Retorische analyse
Voor de docent (niet op het scherm) Analyse van de retorische middelen: Ondoenlijk en zinloos om álle middelen te (her-)kennen. Risico is dat de leerling het effect en de evaluatie van het taalgebruik negeert en alleen bezig is met aanwijzen van stijlmiddelen. Effecten van stijlmiddelen verschillen, afhankelijk van de context en de intentie van de schrijver. Dus: Startvraag: welke intentie lijkt de schrijver/spreker te hebben? Welke middelen ondersteunen die intentie? Is de poging geslaagd?
Analyse vanuit de schrijversintentie Wat denk je dat de schrijver voor effect wil bereiken op het niveau van pathos en ethos? Analyseer welke taal bijdraagt aan het bereiken van de intenties: Beeldspraak Gekleurd woordgebruik (connotatie) Bijvoeglijke naamwoorden Ironie: hoe? Met welke retorische middelen? Andere retorische middelen (tegenstelling, opsomming, herhaling, andere stijlfiguren)
Evalueer het effect: Heeft de schrijver/spreker zijn doel bereikt naar jouw idee? Zou iemand anders het anders interpreteren? Is de geuite of opgeroepen emotie gerechtvaardigd of te bekritiseren? Op het niveau van ethos: hoe presenteert de schrijver zichzelf en de eventuele ander en hoe gerechtvaardigd of te bekritiseren is deze presentatie?

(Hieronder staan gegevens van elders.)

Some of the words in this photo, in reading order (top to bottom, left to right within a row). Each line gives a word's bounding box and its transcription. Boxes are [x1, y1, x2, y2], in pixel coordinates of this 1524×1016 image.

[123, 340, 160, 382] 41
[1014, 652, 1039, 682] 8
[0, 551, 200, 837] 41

Waar kun je op letten? Gebruikt de schrijver beeldspraak? De schrijver gebruikt niet voor niets een vergelijking. Het beeld drukt een extra betekenis uit. Er kan ook sprake zijn van framing. Gebruikt de schrijver woorden die een bepaalde connotatie hebben? Sommige woorden klinken positief, andere negatief. Vergelijk: gelukszoeker of vluchteling. Gebruikt de schrijver veel bijvoeglijke naamwoorden? Dit is de makkelijkste manier voor een schrijver om de tekst een bepaalde sfeer te geven.
Waar kun je op letten? (2) Andere veel voorkomende stijlfiguren zijn opsomming, climax, herhaling, tegenstelling, woordspeling, overdrijving, anafoor. Gebruikt de schrijver ironie/humor? Door ironie speelt de schrijver onder één hoedje met de lezer, die immers moet begrijpen dat het om ironie gaat. ‘Het Nederlands elftal heeft het echt voortreffelijk gedaan dit jaar.’
Wat is ironie? Drie vormen: Je zegt het tegenovergestelde van wat je bedoelt: Nee, dat vind ik echt leuk. Je overdrijft een bepaalde kwaliteit met het duidelijke doel te spotten (op milde wijze) of je benoemt een bepaalde zaak op een mildspottende wijze: Zo, daar hebben we onze topvoetballer! Je gebruikt zelfspot. De luisteraar/lezer moet voldoende kennis hebben van de context of de betrokken personen om de ironie op waarde te kunnen schatten.